### ACTION ITEM
Exclude all images and print the entries below exactly.

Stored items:
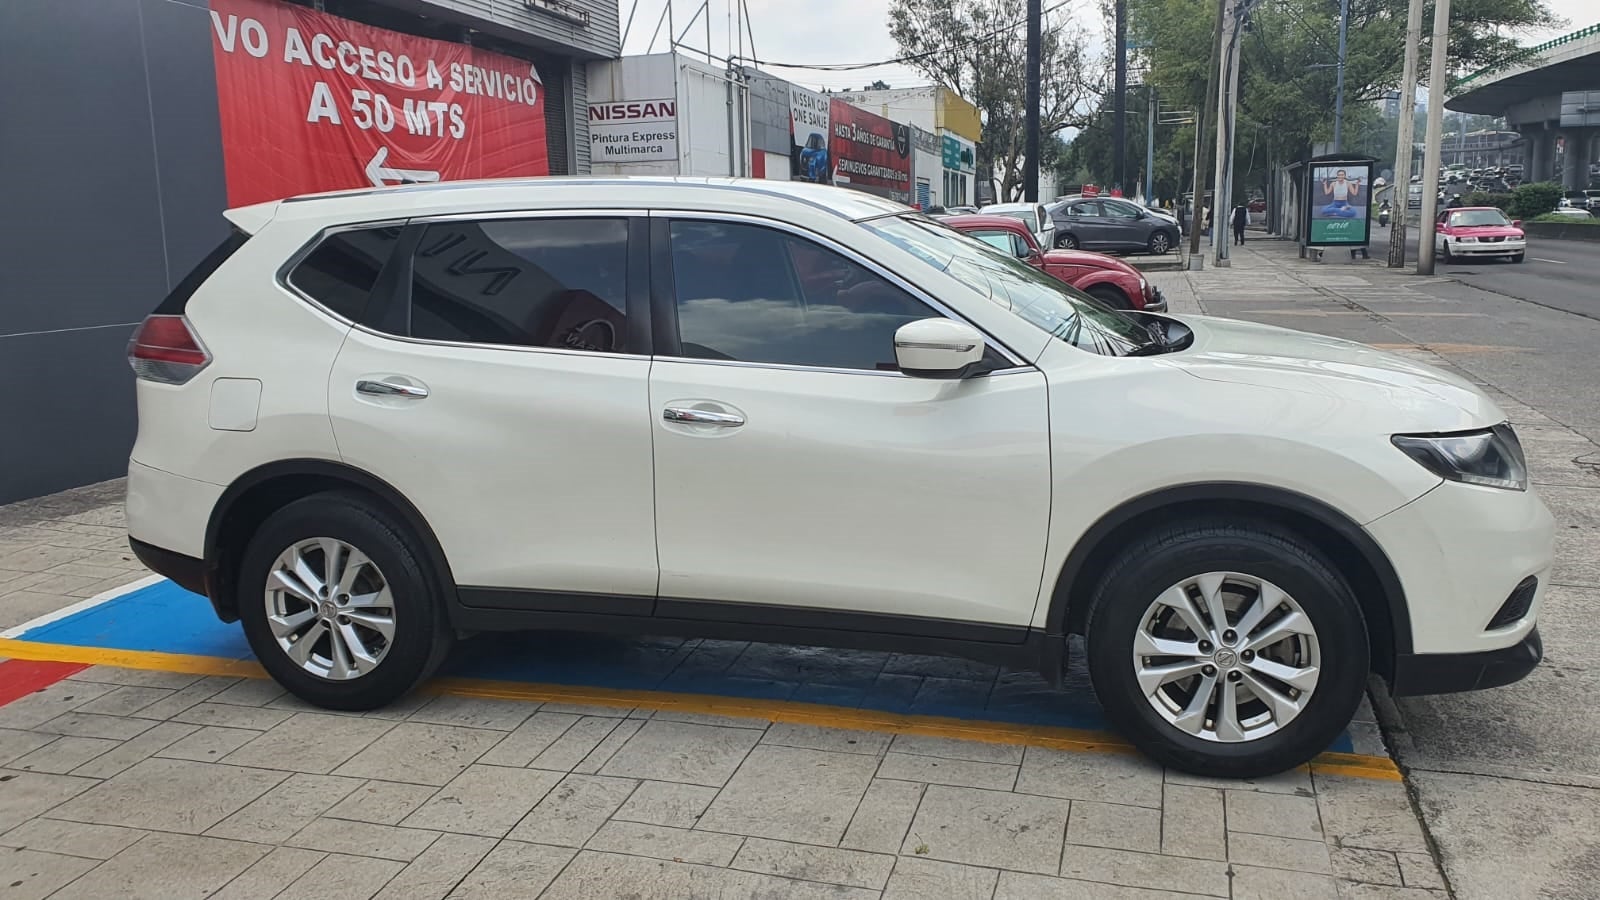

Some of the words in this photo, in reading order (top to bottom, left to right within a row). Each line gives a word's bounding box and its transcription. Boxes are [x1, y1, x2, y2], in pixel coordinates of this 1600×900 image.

[210, 10, 269, 58] VO
[284, 28, 416, 88] ACCESO
[427, 59, 443, 90] A
[449, 62, 537, 106] SERVICIO
[307, 81, 341, 125] A
[352, 89, 395, 133] 50
[403, 98, 465, 139] MTS
[588, 102, 675, 121] NISSAN
[792, 89, 816, 110] NISSAN
[817, 99, 829, 115] CAR
[794, 107, 808, 124] ONE
[808, 112, 828, 129] SANJE
[592, 133, 629, 144] Pintura
[632, 132, 675, 143] Express
[834, 123, 851, 140] HASTA
[851, 121, 857, 141] 3
[605, 144, 663, 155] Multimarca

### SOLUTION
Some of the words in this photo, in reading order (top to bottom, left to right within a row). Each line gives a word's bounding box and its transcription. Boxes are [x1, y1, x2, y2], in pixel coordinates of this 1600×900 image.

[210, 10, 269, 58] VO
[284, 28, 416, 88] ACCESO
[427, 59, 443, 90] A
[449, 62, 537, 106] SERVICIO
[307, 81, 341, 125] A
[352, 89, 395, 133] 50
[403, 98, 465, 139] MTS
[588, 102, 675, 121] NISSAN
[792, 89, 816, 110] NISSAN
[817, 99, 829, 115] CAR
[794, 107, 808, 124] ONE
[808, 112, 828, 129] SANJE
[592, 133, 629, 144] Pintura
[632, 132, 675, 143] Express
[834, 123, 851, 140] HASTA
[851, 121, 857, 141] 3
[605, 144, 663, 155] Multimarca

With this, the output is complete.